"""

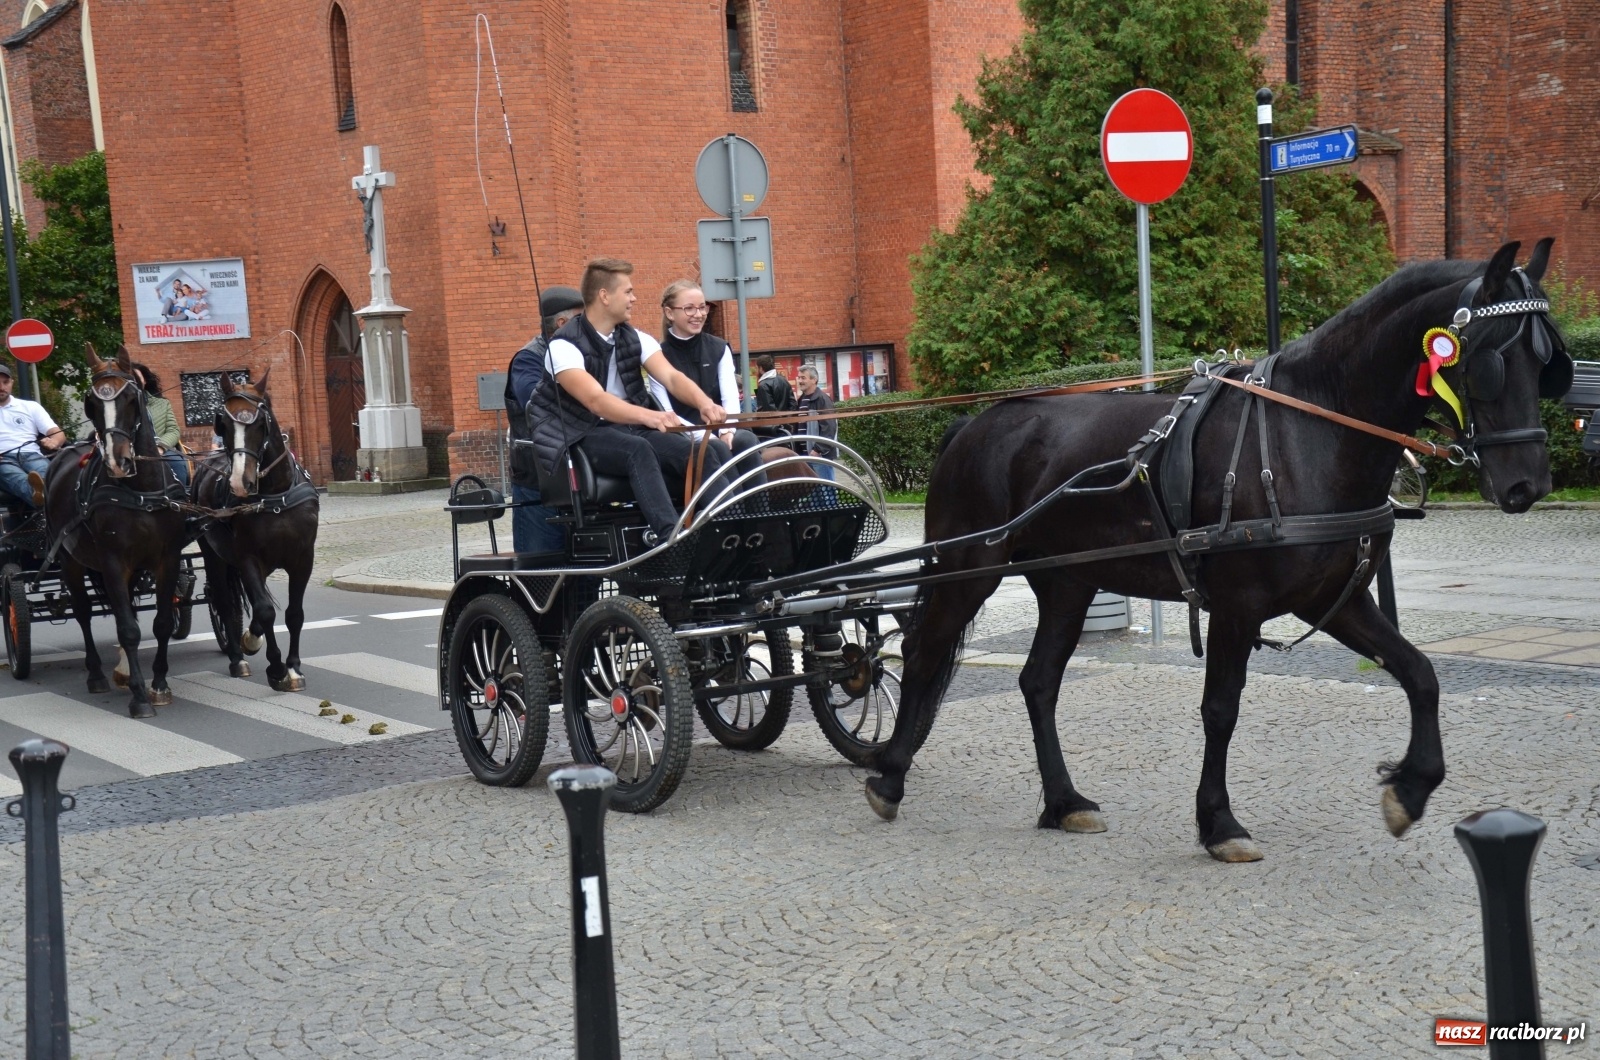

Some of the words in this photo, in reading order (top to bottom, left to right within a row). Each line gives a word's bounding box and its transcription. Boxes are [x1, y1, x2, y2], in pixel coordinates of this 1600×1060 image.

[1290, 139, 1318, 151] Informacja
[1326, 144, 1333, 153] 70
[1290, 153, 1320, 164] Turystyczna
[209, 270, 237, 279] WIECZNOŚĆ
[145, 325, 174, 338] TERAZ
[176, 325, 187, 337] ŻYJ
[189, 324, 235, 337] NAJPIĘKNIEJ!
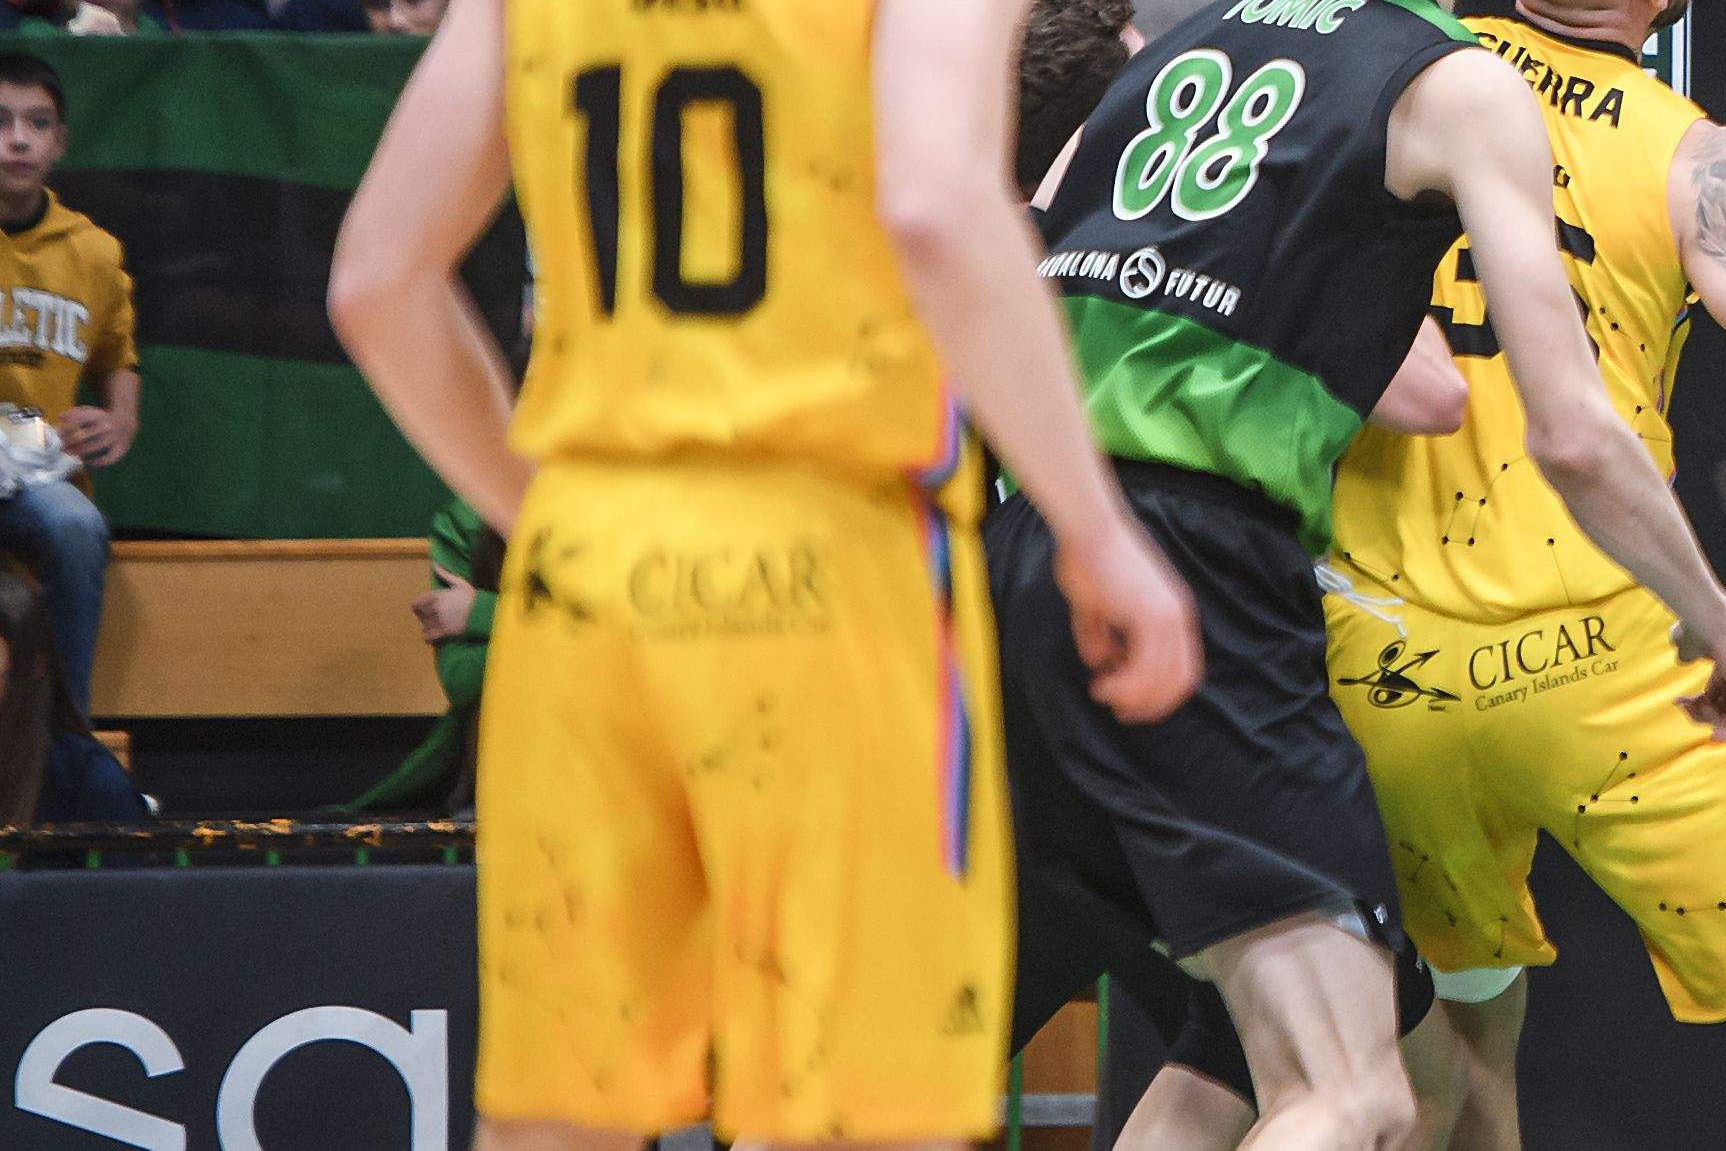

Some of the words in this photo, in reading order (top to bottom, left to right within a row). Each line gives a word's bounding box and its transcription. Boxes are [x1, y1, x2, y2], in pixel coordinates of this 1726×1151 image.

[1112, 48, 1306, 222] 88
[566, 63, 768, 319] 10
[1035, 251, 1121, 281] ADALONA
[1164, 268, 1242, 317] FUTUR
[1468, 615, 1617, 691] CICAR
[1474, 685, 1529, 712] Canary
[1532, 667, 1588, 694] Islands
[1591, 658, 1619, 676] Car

"""

Exercise objective:
The answer should contain all the material above, copied exactly, and no images.

Answer section:
Some of the words in this photo, in reading order (top to bottom, left to right within a row). Each line gives a word's bounding box and its transcription. Boxes are [x1, y1, x2, y2], in pixel coordinates of this 1600×1060 image.

[1290, 139, 1318, 151] Informacja
[1326, 144, 1333, 153] 70
[1290, 153, 1320, 164] Turystyczna
[209, 270, 237, 279] WIECZNOŚĆ
[145, 325, 174, 338] TERAZ
[176, 325, 187, 337] ŻYJ
[189, 324, 235, 337] NAJPIĘKNIEJ!

Some of the words in this photo, in reading order (top to bottom, left to right within a row). Each line gives a word's bounding box and its transcription. Boxes are [x1, y1, x2, y2], in pixel coordinates of this 1726×1151 image.

[1112, 48, 1306, 222] 88
[566, 63, 768, 319] 10
[1035, 251, 1121, 281] ADALONA
[1164, 268, 1242, 317] FUTUR
[1468, 615, 1617, 691] CICAR
[1474, 685, 1529, 712] Canary
[1532, 667, 1588, 694] Islands
[1591, 658, 1619, 676] Car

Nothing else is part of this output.